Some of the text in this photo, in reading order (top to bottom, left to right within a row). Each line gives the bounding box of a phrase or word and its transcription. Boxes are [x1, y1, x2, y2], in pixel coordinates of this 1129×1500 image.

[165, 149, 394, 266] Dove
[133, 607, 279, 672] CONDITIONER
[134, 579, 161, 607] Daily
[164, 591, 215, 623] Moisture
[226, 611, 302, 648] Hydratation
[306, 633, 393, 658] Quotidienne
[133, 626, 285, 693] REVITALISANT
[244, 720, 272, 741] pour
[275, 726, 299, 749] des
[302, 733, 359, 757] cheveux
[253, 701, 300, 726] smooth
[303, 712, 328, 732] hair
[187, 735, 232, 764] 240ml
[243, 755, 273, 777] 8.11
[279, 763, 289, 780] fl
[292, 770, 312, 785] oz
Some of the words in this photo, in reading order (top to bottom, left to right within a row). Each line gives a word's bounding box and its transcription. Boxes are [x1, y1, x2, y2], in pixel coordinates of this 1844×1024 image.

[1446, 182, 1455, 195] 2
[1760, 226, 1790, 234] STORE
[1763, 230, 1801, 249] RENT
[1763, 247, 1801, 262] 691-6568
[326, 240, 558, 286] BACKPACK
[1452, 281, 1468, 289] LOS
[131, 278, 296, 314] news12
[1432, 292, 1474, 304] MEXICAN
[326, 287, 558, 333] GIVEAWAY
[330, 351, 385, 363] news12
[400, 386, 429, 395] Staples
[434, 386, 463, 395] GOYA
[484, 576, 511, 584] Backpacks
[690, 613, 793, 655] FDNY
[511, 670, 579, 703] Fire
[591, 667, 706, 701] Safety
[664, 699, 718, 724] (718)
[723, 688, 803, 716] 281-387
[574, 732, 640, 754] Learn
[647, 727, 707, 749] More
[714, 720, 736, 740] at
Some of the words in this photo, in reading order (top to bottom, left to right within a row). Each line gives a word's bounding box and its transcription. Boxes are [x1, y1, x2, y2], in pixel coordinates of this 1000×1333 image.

--- AIM OF THE EXERCISE ---
Exact copies of all the lines above are required.

--- RESPONSE BELOW ---
Some of the text in this photo, in reading order (top to bottom, left to right within a row). Each line gives the bounding box of a phrase or word and its transcription. Boxes are [x1, y1, x2, y2], in pixel coordinates of this 1129×1500 image.

[165, 149, 394, 266] Dove
[133, 607, 279, 672] CONDITIONER
[134, 579, 161, 607] Daily
[164, 591, 215, 623] Moisture
[226, 611, 302, 648] Hydratation
[306, 633, 393, 658] Quotidienne
[133, 626, 285, 693] REVITALISANT
[244, 720, 272, 741] pour
[275, 726, 299, 749] des
[302, 733, 359, 757] cheveux
[253, 701, 300, 726] smooth
[303, 712, 328, 732] hair
[187, 735, 232, 764] 240ml
[243, 755, 273, 777] 8.11
[279, 763, 289, 780] fl
[292, 770, 312, 785] oz
Some of the words in this photo, in reading order (top to bottom, left to right within a row). Each line gives a word's bounding box and its transcription. Boxes are [x1, y1, x2, y2], in pixel coordinates of this 1844×1024 image.

[1446, 182, 1455, 195] 2
[1760, 226, 1790, 234] STORE
[1763, 230, 1801, 249] RENT
[1763, 247, 1801, 262] 691-6568
[326, 240, 558, 286] BACKPACK
[1452, 281, 1468, 289] LOS
[131, 278, 296, 314] news12
[1432, 292, 1474, 304] MEXICAN
[326, 287, 558, 333] GIVEAWAY
[330, 351, 385, 363] news12
[400, 386, 429, 395] Staples
[434, 386, 463, 395] GOYA
[484, 576, 511, 584] Backpacks
[690, 613, 793, 655] FDNY
[511, 670, 579, 703] Fire
[591, 667, 706, 701] Safety
[664, 699, 718, 724] (718)
[723, 688, 803, 716] 281-387
[574, 732, 640, 754] Learn
[647, 727, 707, 749] More
[714, 720, 736, 740] at
Some of the words in this photo, in reading order (top to bottom, left to right within a row). Each line gives a word's bounding box and its transcription. Boxes are [x1, y1, x2, y2], in pixel coordinates of this 1000×1333 image.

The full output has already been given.